La torre que tocó el Cielo

Una misteriosa edificación… tenía solamente los cimientos, un poco del suelo y algunos centímetros de pared. ¿Qué arquitecto la concluiría?

Cierto hombre estaba sentado con los codos sobre las rodillas y una de sus manos debajo la barbilla. No es raro encontrar gente así.
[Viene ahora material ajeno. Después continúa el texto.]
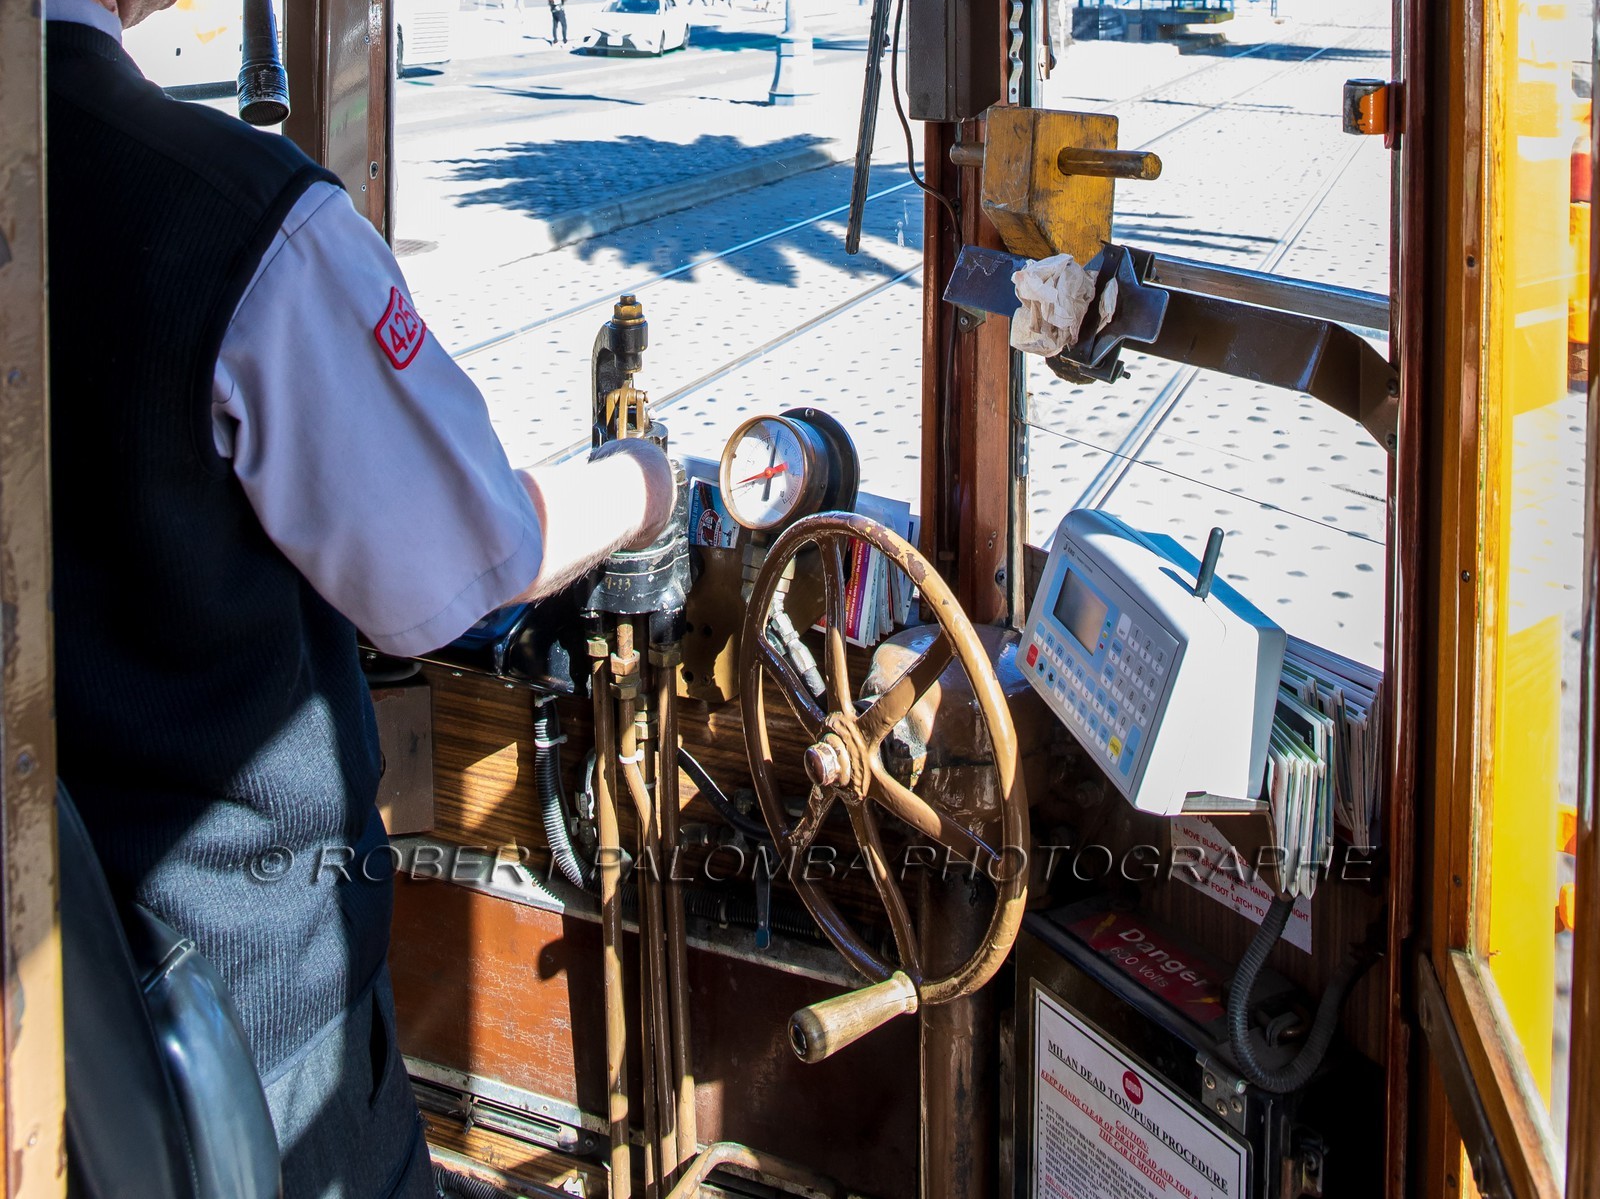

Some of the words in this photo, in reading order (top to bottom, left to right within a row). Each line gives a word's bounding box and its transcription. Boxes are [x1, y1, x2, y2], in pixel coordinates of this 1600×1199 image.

[1183, 828, 1200, 842] MOVE
[1202, 837, 1222, 852] BLACK
[1211, 881, 1229, 898] FOOT
[1231, 891, 1253, 911] LATCH
[1255, 905, 1265, 917] TO
[1110, 946, 1139, 966] 600
[1138, 964, 1169, 988] Volts
[1118, 927, 1210, 988] Danger
[1041, 1069, 1057, 1088] KEEP
[1048, 1040, 1077, 1072] MILAN
[1080, 1066, 1105, 1094] DEAD
[1109, 1088, 1158, 1137] TOW/PUSH
[1162, 1133, 1227, 1193] PROCEDURE
[1116, 1119, 1148, 1152] CAUTION:
[1114, 1140, 1127, 1158] CAR
[1138, 1160, 1165, 1190] MOTION
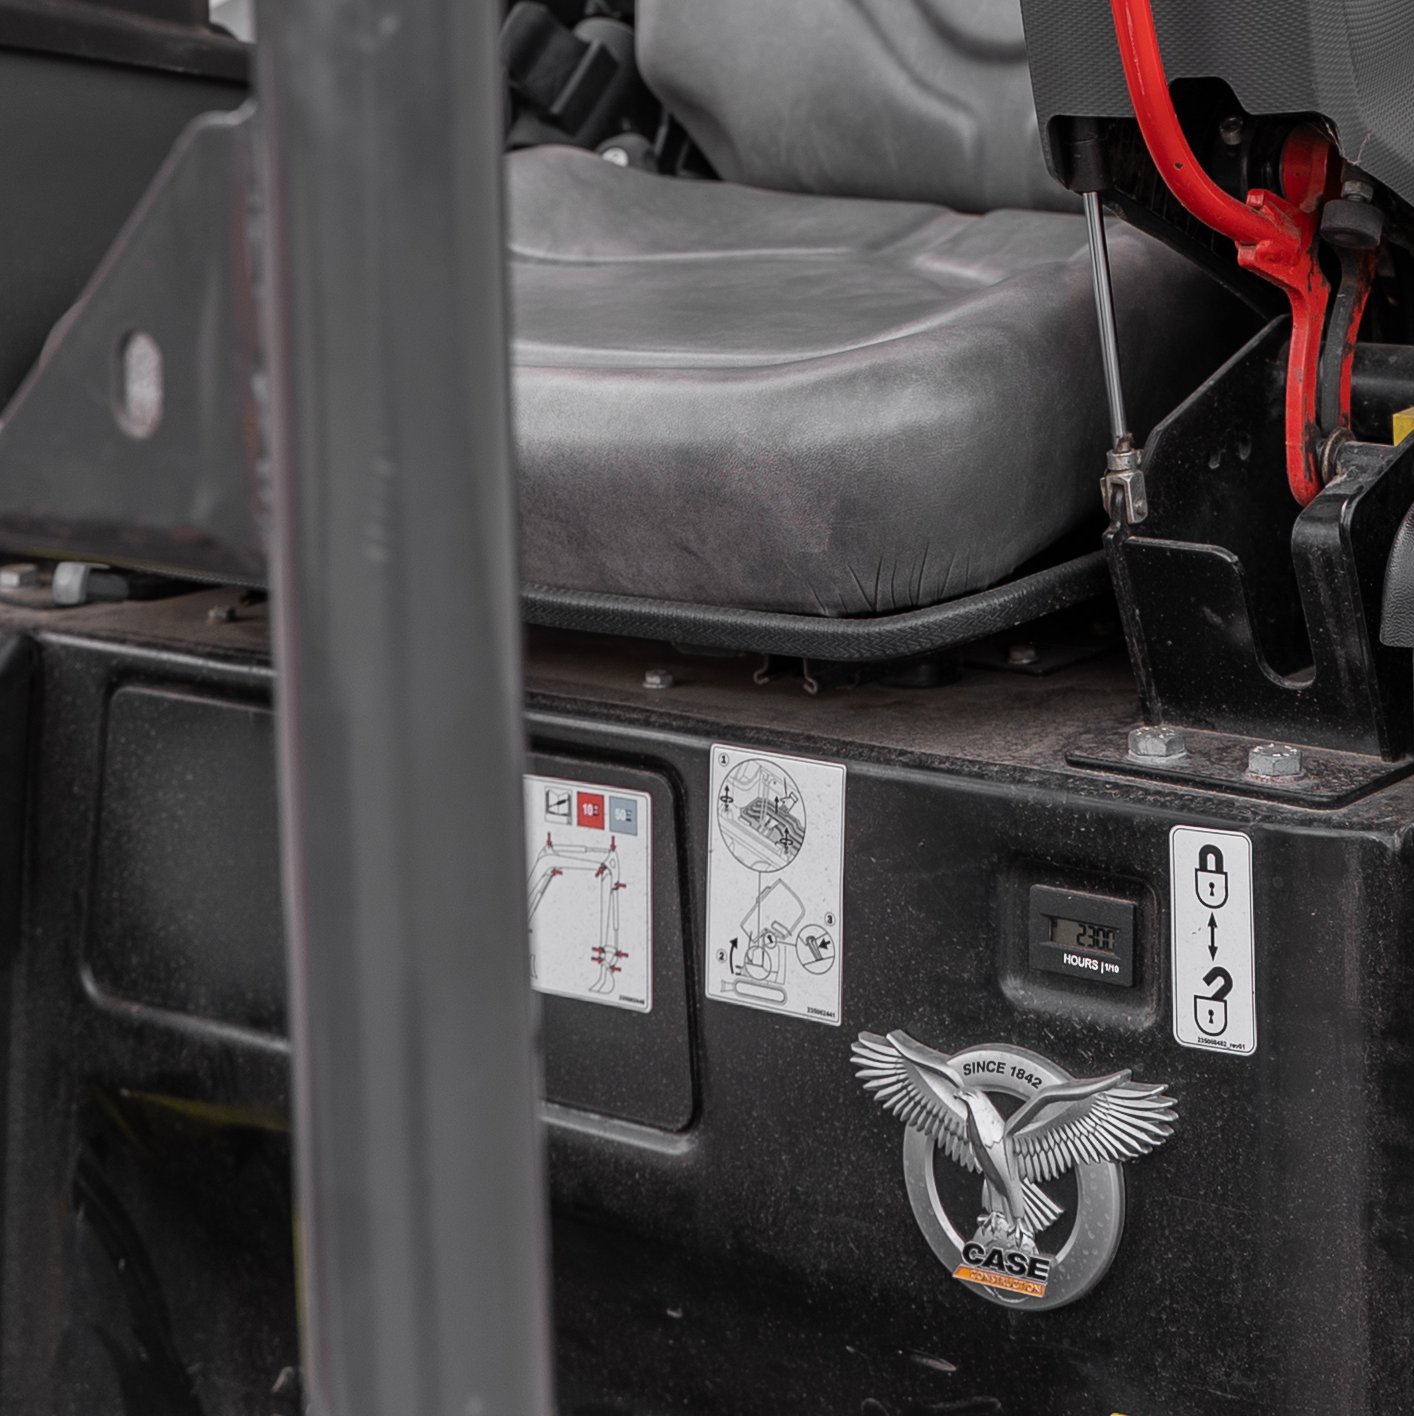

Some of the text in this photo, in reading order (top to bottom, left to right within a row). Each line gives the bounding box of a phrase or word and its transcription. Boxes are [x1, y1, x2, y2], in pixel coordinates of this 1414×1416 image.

[1064, 953, 1098, 970] HOURS
[963, 1061, 1043, 1089] SINCE 1842
[962, 1241, 1050, 1281] CASE
[970, 1270, 1041, 1293] CONSTRUCTION
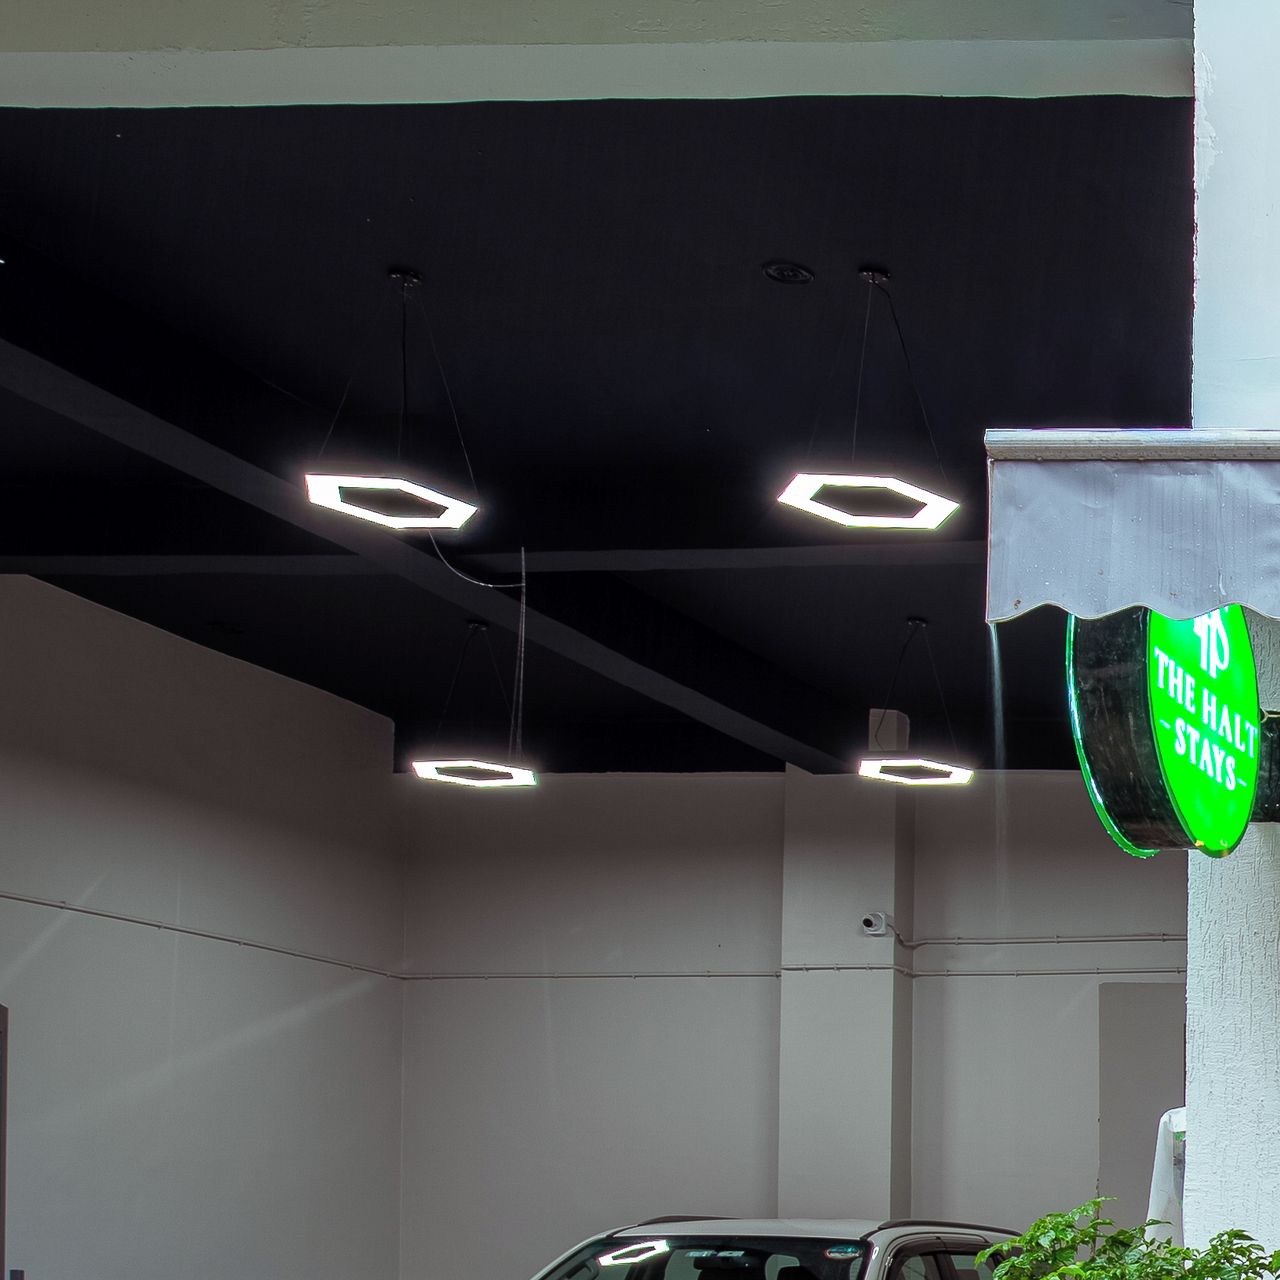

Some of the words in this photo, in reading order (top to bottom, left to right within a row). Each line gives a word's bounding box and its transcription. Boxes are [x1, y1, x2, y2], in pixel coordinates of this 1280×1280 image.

[1153, 646, 1197, 715] THE
[1202, 687, 1259, 759] HALT
[1174, 717, 1237, 791] STAYS
Pero no podemos decir lo mismo cuando se trata de un obispo… ¡y más aún en el Reino de los Cielos!

Agustín, te veo muy pensativo. ¿Qué ha ocurrido?

¡Ay, Pablo! Estoy preocupado por la Iglesia militante. Ya estamos a doce siglos después de Cristo, pero parece que todavía falta algo que ayude a los hombres en su santificación.

—También estuve pensando en ello —concordó el Apóstol—. Creo que la humanidad no conoce suficientemente las cosas de Dios.

—Tienes razón. Ya puse de mi parte mientras vivía en la tierra. Pero nadie continuó mi obra debidamente…

Te apoyaste en el filósofo Platón, Agustín. Sin embargo, también había mucha cosa útil en Aristóteles.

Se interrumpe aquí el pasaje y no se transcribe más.